### Exercise prompt
The data below must be returned in full and exactly.

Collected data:

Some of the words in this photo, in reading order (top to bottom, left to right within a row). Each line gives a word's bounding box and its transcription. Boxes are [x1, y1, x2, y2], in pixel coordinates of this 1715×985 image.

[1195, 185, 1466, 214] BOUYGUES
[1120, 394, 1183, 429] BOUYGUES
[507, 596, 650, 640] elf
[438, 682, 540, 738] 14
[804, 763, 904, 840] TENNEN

### Reply
Some of the words in this photo, in reading order (top to bottom, left to right within a row). Each line gives a word's bounding box and its transcription. Boxes are [x1, y1, x2, y2], in pixel coordinates of this 1715×985 image.

[1195, 185, 1466, 214] BOUYGUES
[1120, 394, 1183, 429] BOUYGUES
[507, 596, 650, 640] elf
[438, 682, 540, 738] 14
[804, 763, 904, 840] TENNEN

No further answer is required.